Re: Order of update

public inbox for [email protected]  
help / color / mirror / Atom feed

Re: Order of update
6+ messages / 3 participants
[nested] [flat]

* Re: Order of update
@ 2025-04-21 08:47 Peter J. Holzer <[email protected]>
  2025-04-21 15:43 ` Re: Order of update Adrian Klaver <[email protected]>
  0 siblings, 1 reply; 6+ messages in thread

From: Peter J. Holzer @ 2025-04-21 08:47 UTC (permalink / raw)
  To: [email protected]

On 2025-04-20 08:28:22 -0700, Adrian Klaver wrote:
> On 4/20/25 02:10, Peter J. Holzer wrote:
> > I've just read Laurenz' blog post about the differences between Oracle
> > and PostgreSQL[1].
> > 
> > One of the differences is that something like
> > 
> >      UPDATE tab SET id = id + 1;
> > 
> > tends to fail on PostgreSQL because the the primary key constraint is
> > checked for every row, so it will stumble over the temporary conflicts.
> > 
> > The solution is to define the constraint as deferrable.
> > 
> > But that got me to thinking about different ways ...
> > 
> > There won't be a conflict if the ids are updated in descending order.
> > Is there a way to force PostgreSQL to update the rows in a specific
> > order?
> > 
> > I came up with
> > 
> >      with a as (select id from t where id > 50 order by id desc)
> >      update t set id = a.id+1 from a where t.id = a.id;
> > 
> > which works in my simple test case, but it doesn't look like it's
> > guaranteed to work. The implicit join in «update t ... from a» could
> > produce rows in any order, especially for large tables.
> 
> My read of this

Your read of the query, the PostgreSQL source or the SQL standard?
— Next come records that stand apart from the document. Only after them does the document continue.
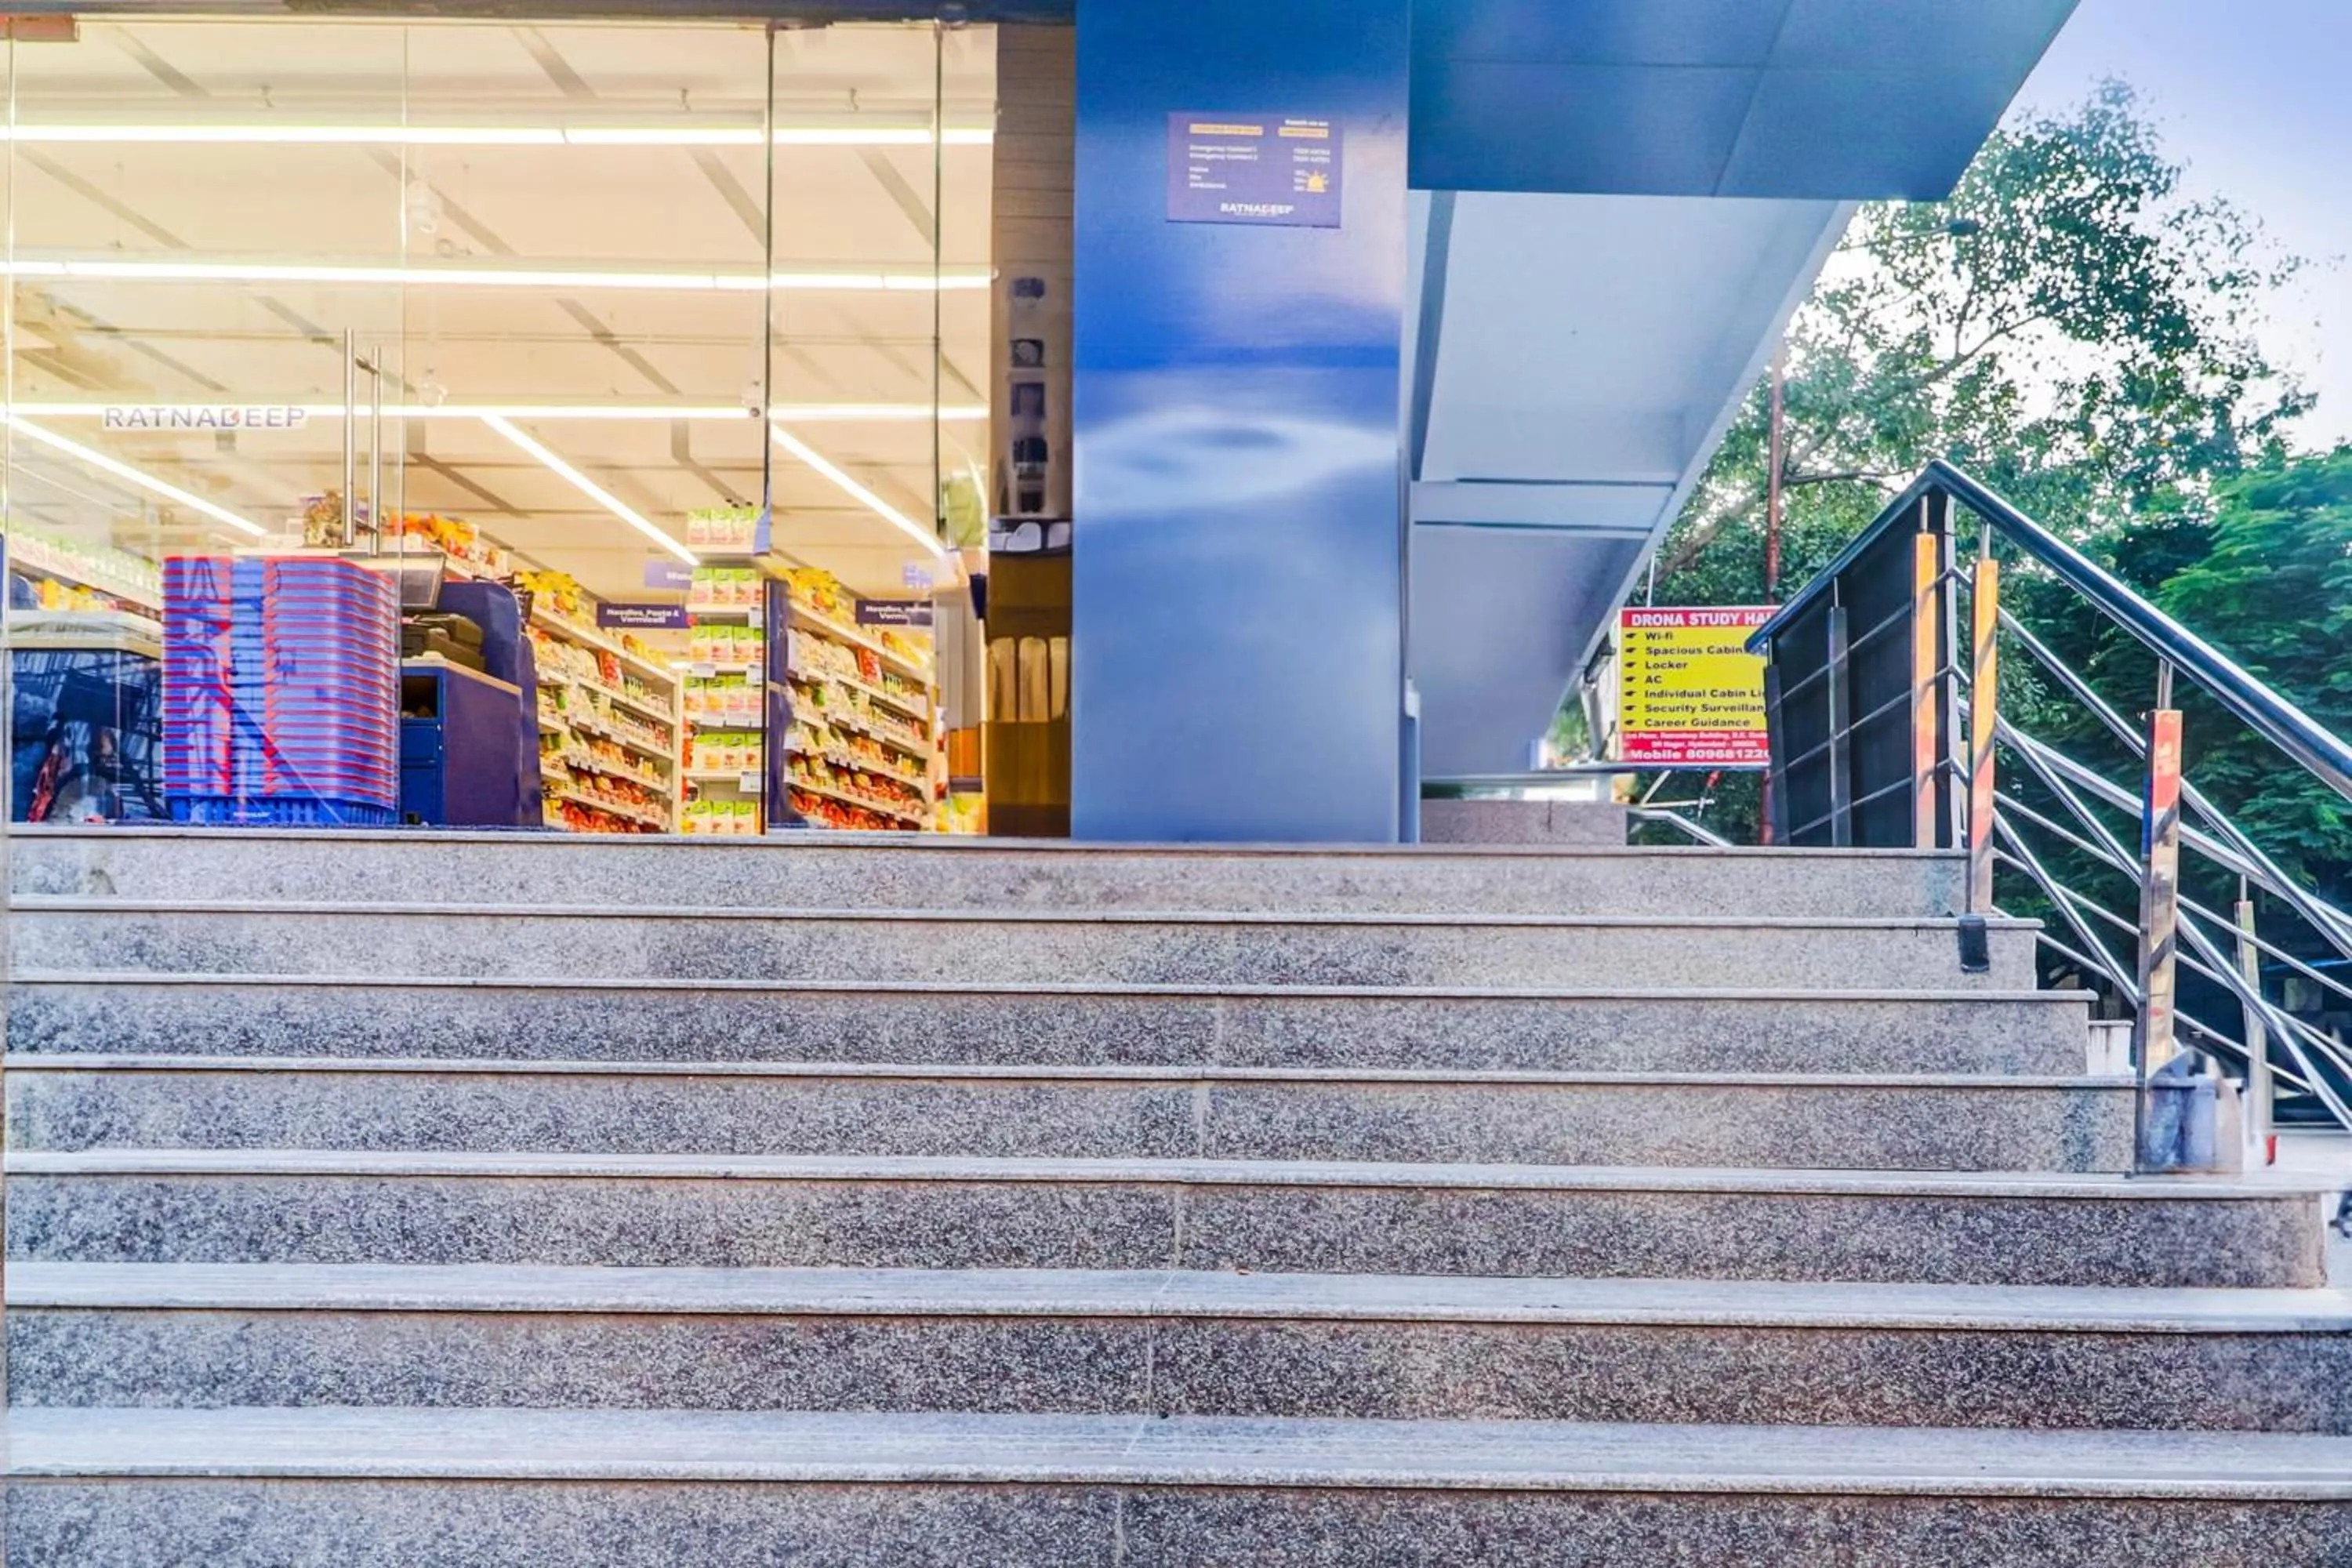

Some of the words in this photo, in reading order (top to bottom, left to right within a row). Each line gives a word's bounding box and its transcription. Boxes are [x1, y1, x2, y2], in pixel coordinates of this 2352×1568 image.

[1221, 203, 1294, 215] RATNADEEP
[105, 407, 305, 427] RATNADEEP
[1632, 614, 1684, 626] DRONA
[1689, 613, 1740, 625] STUDY
[1645, 647, 1702, 656] Spacious
[1645, 705, 1697, 713] Security
[1632, 750, 1682, 759] Mobile
> is that for the duration of the query a temporary table a is create
> that is ordered on `id desc` and that '... from a where t.id = a.id'
> will apply that order to the selection of t.id.

Yes, that's the intention. In as I wrote it did work in my simple tests.
But is it guaranteed to work? Is there anything in the standard that
says that the order has to be preserved? Or failing that, is that the
way it's currently implemented and there are reasons to assume that it
will never be changed?


> As example:
> 
> create table id_update(id integer primary key);
> 
> insert into id_update select a from generate_series(1, 100000) as t(a);
> INSERT 0 100000
> 
> -- id(s) are temporarily in order.
> 
> update id_update set id = id where id between 50000 and 60000;
> UPDATE 10001
> 
> -- The above move the 10001 values to 'end' of id_update
> 
> with a as (select id from id_update where id > 100 order by id desc) update
> id_update as t set id = a.id + 1 from a  where t.id = a.id;
> UPDATE 99900

I note that this produces a hash join:

#v+
╔═══════════════════════════════════════════════════════════════════════════════════════════════════════════════════════╗
║                                                      QUERY PLAN                                                       ║
╟───────────────────────────────────────────────────────────────────────────────────────────────────────────────────────╢
║ Update on id_update t  (cost=3179.42..8662.63 rows=0 width=0)                                                         ║
║   ->  Hash Join  (cost=3179.42..8662.63 rows=99899 width=38)                                                          ║
║         Hash Cond: (a.id = t.id)                                                                                      ║
║         ->  Subquery Scan on a  (cost=0.42..4971.64 rows=99899 width=32)                                              ║
║               ->  Index Only Scan Backward using id_update_pkey on id_update  (cost=0.42..3972.65 rows=99899 width=4) ║
║                     Index Cond: (id > 100)                                                                            ║
║         ->  Hash  (cost=1929.00..1929.00 rows=100000 width=10)                                                        ║
║               ->  Seq Scan on id_update t  (cost=0.00..1929.00 rows=100000 width=10)                                  ║
╚═══════════════════════════════════════════════════════════════════════════════════════════════════════════════════════╝
#v-

If the hash was the other way around it wouldn't work.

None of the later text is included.